About this exercise: Transcribe all of the data exactly. Omit the pictures.

Dataset entries:
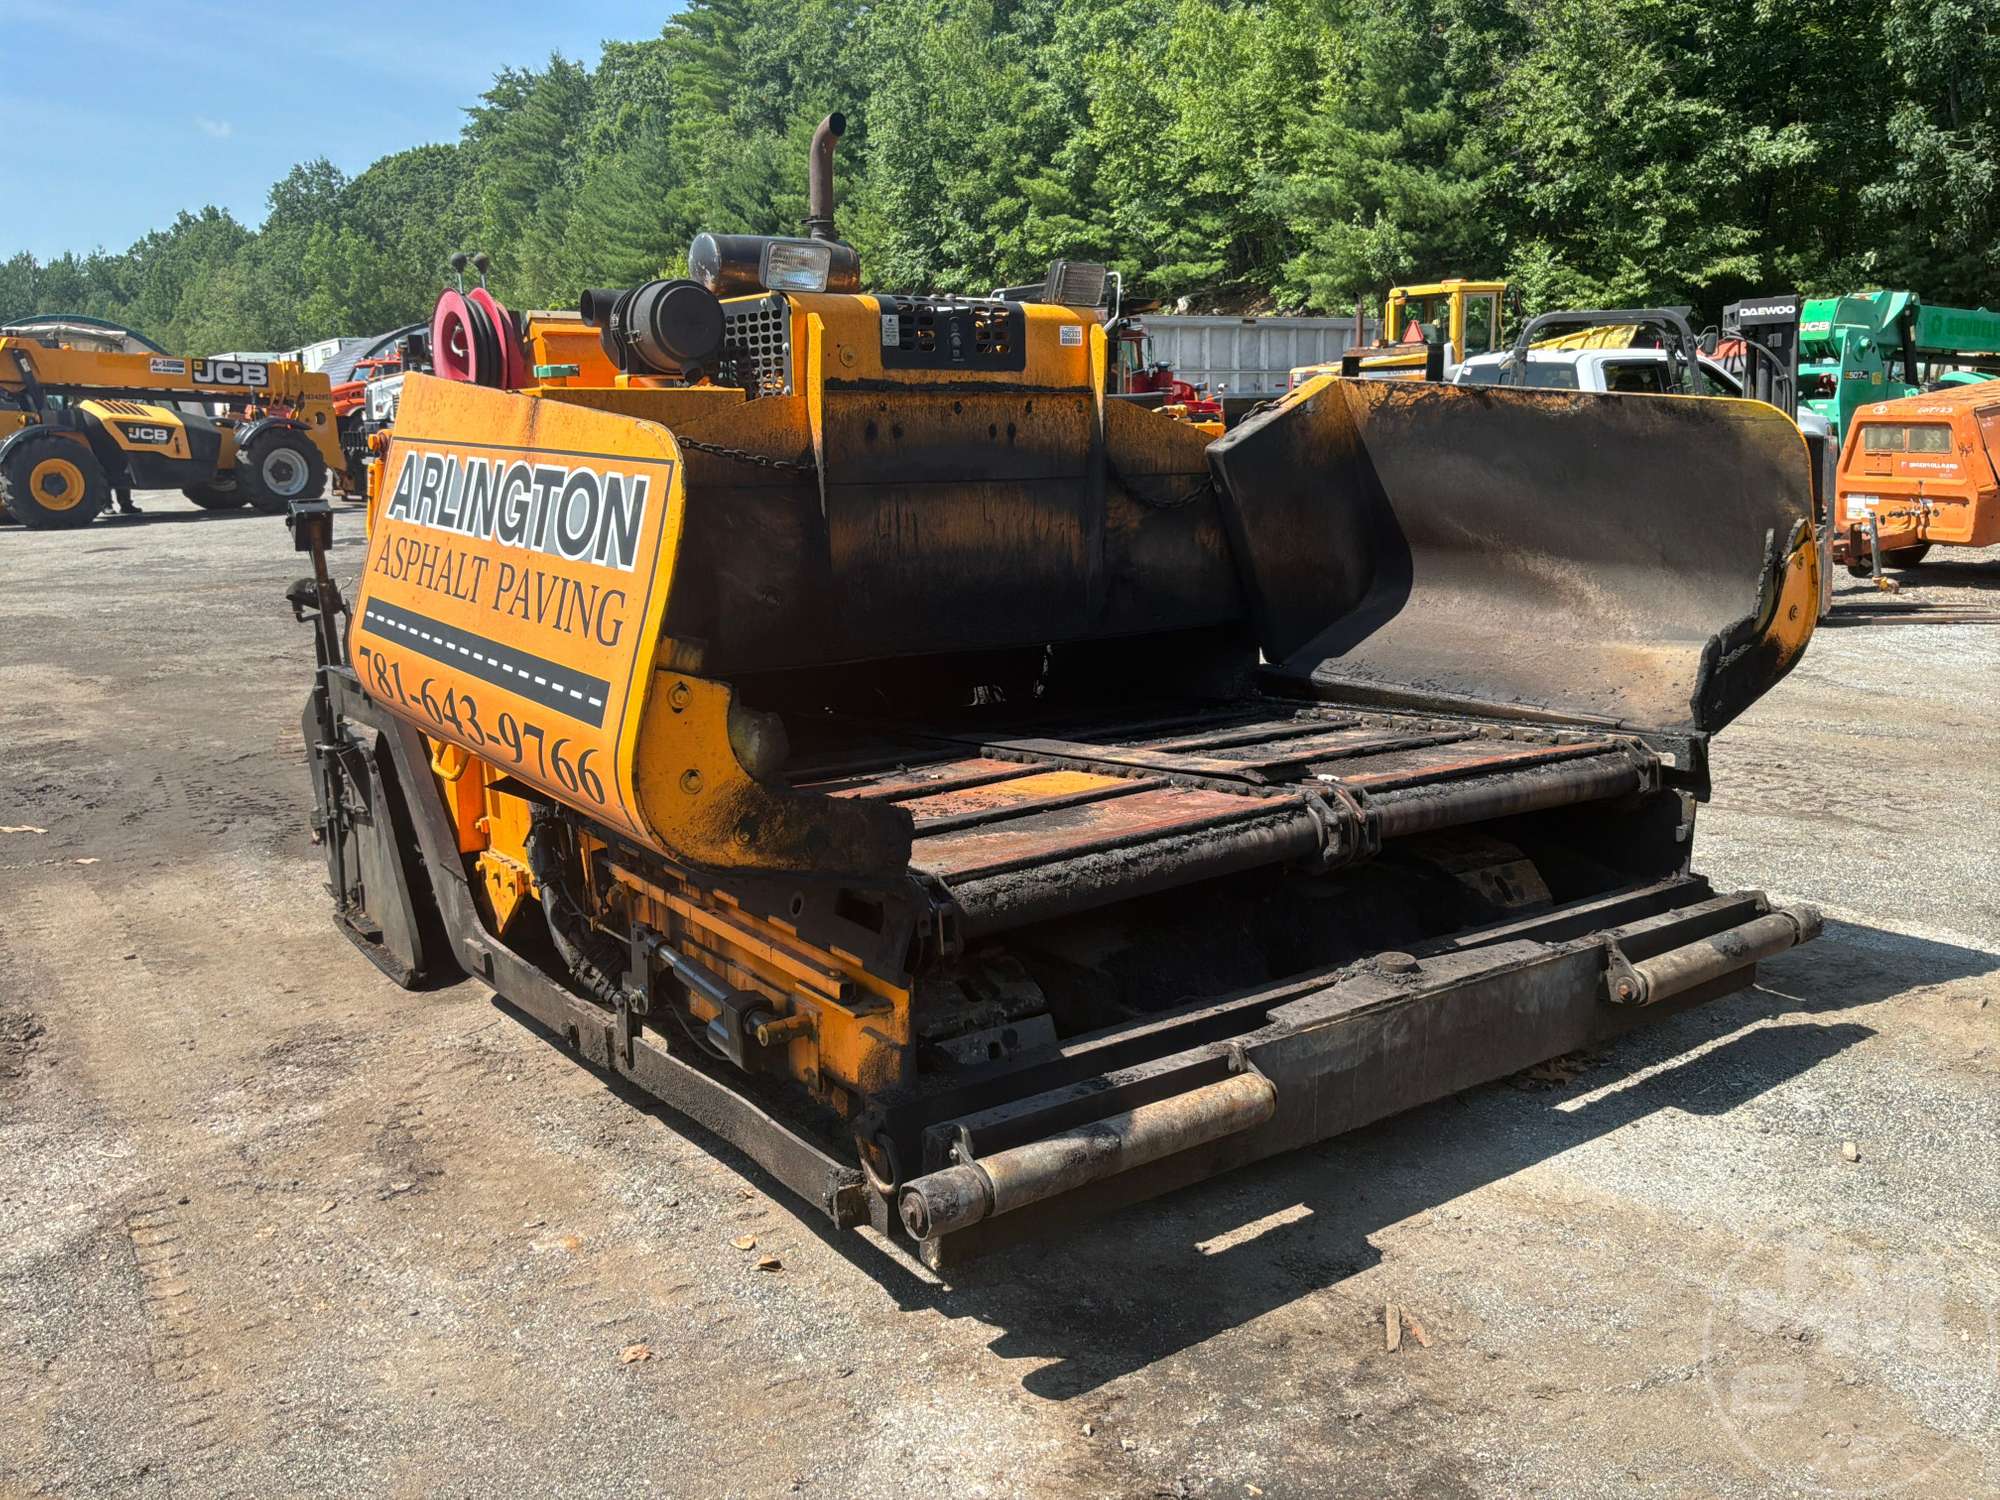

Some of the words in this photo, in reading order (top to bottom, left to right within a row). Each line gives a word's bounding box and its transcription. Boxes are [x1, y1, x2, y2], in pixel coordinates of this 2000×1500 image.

[1739, 305, 1796, 317] DAEWOO
[1800, 321, 1830, 332] JCB
[194, 361, 267, 385] JCB
[128, 427, 168, 440] JCB
[385, 450, 652, 572] ARLINGTON
[373, 533, 490, 604] ASPHALT
[491, 562, 627, 648] PAVING
[359, 645, 607, 805] 781-643-9766
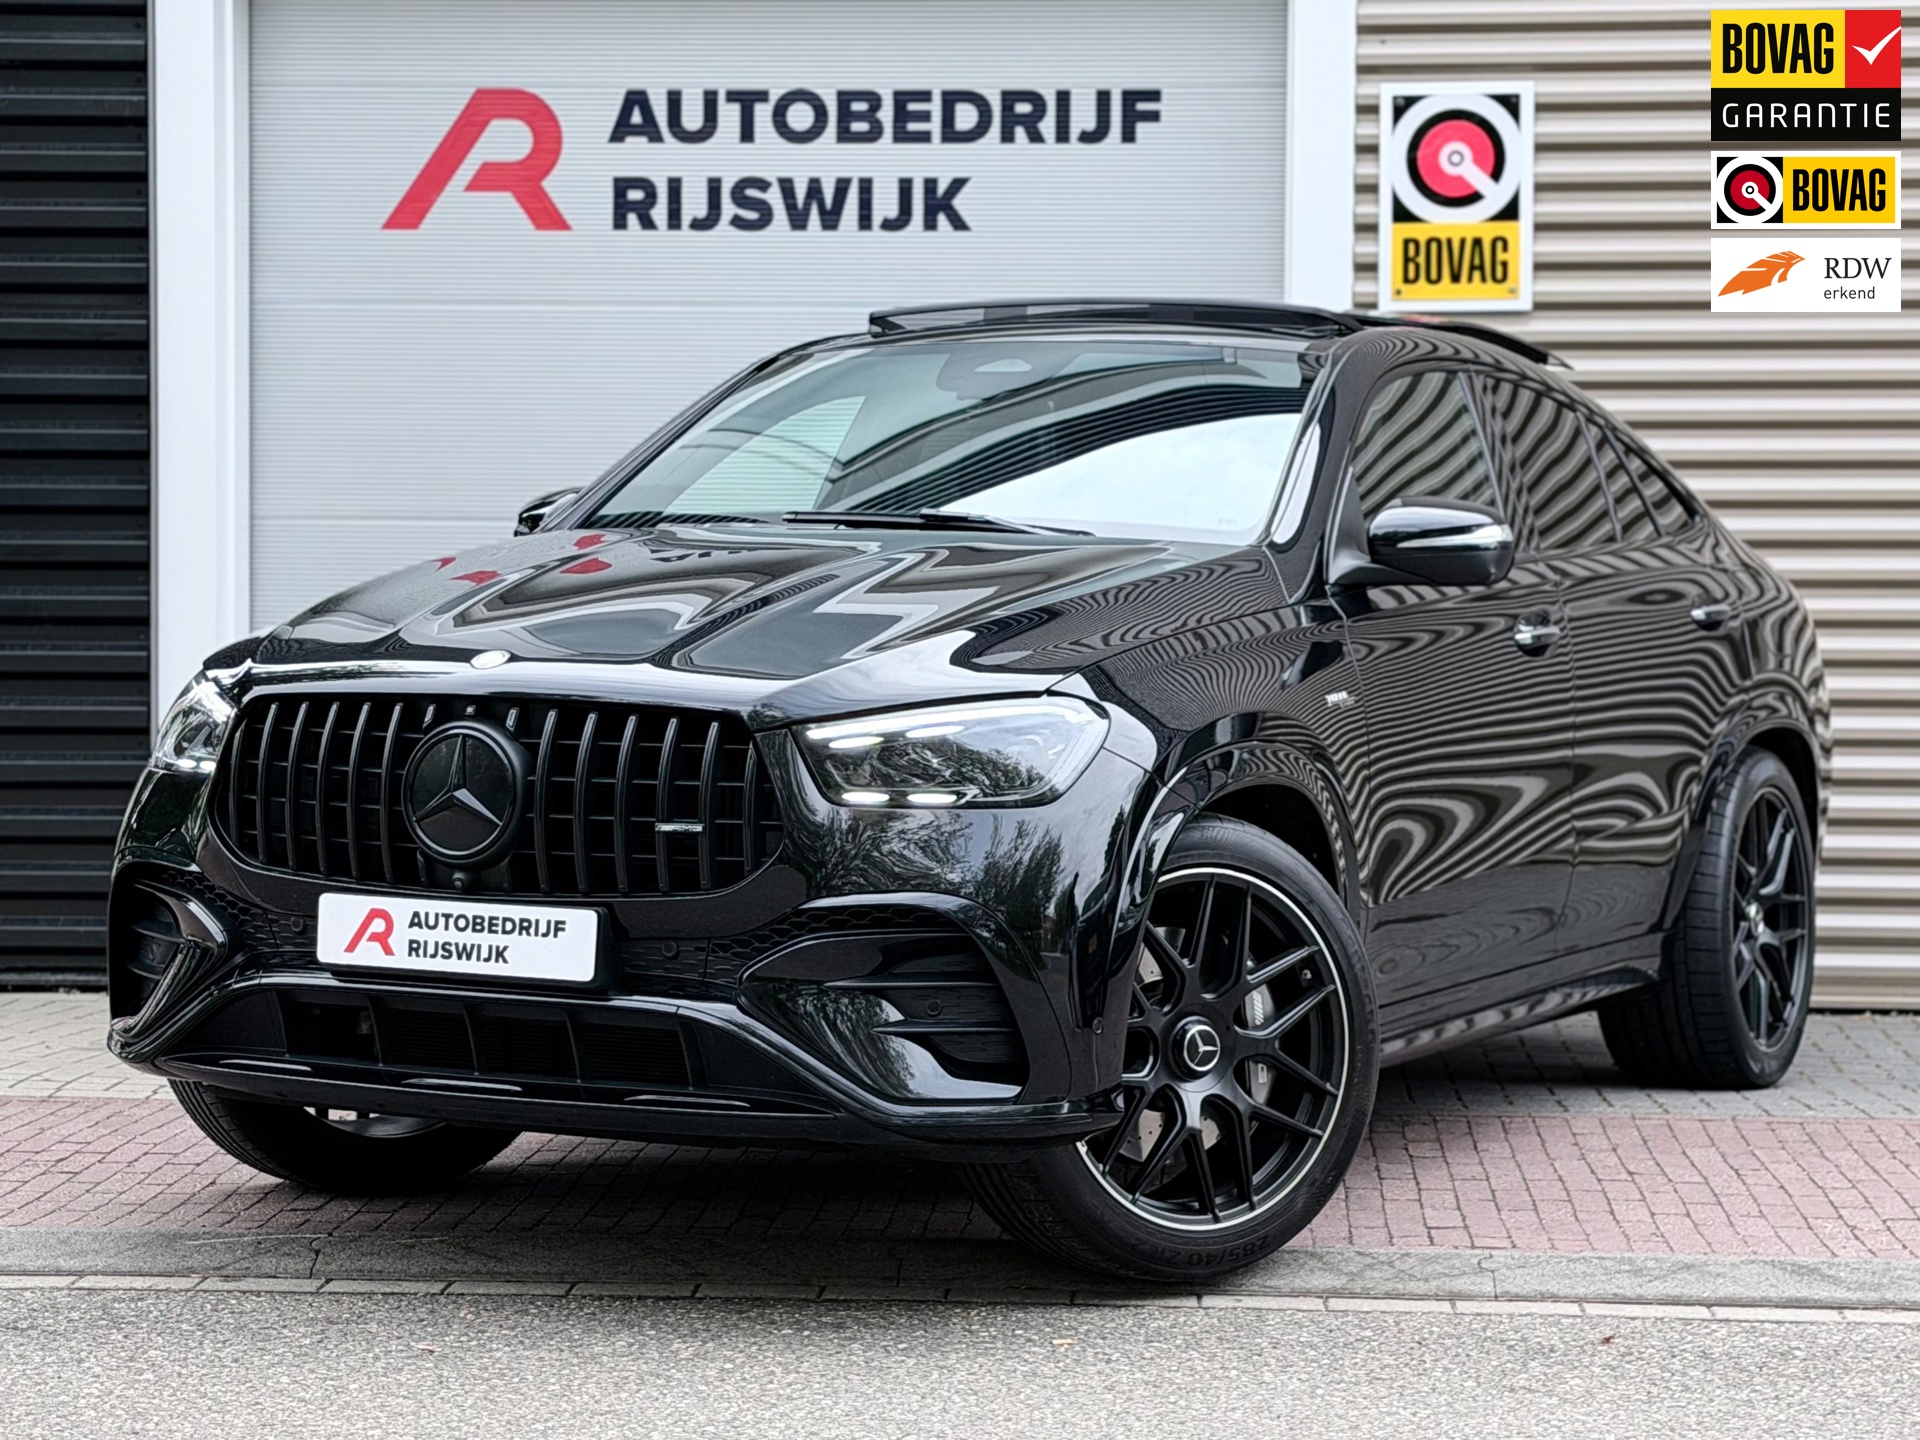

Task result:
Some of the words in this photo, in reading order (top to bottom, left to right within a row). Each line gives a word's bounding box and its transcription. Boxes are [x1, y1, x2, y2], in pixel coordinates of this 2000×1500 image.

[1739, 305, 1796, 317] DAEWOO
[1800, 321, 1830, 332] JCB
[194, 361, 267, 385] JCB
[128, 427, 168, 440] JCB
[385, 450, 652, 572] ARLINGTON
[373, 533, 490, 604] ASPHALT
[491, 562, 627, 648] PAVING
[359, 645, 607, 805] 781-643-9766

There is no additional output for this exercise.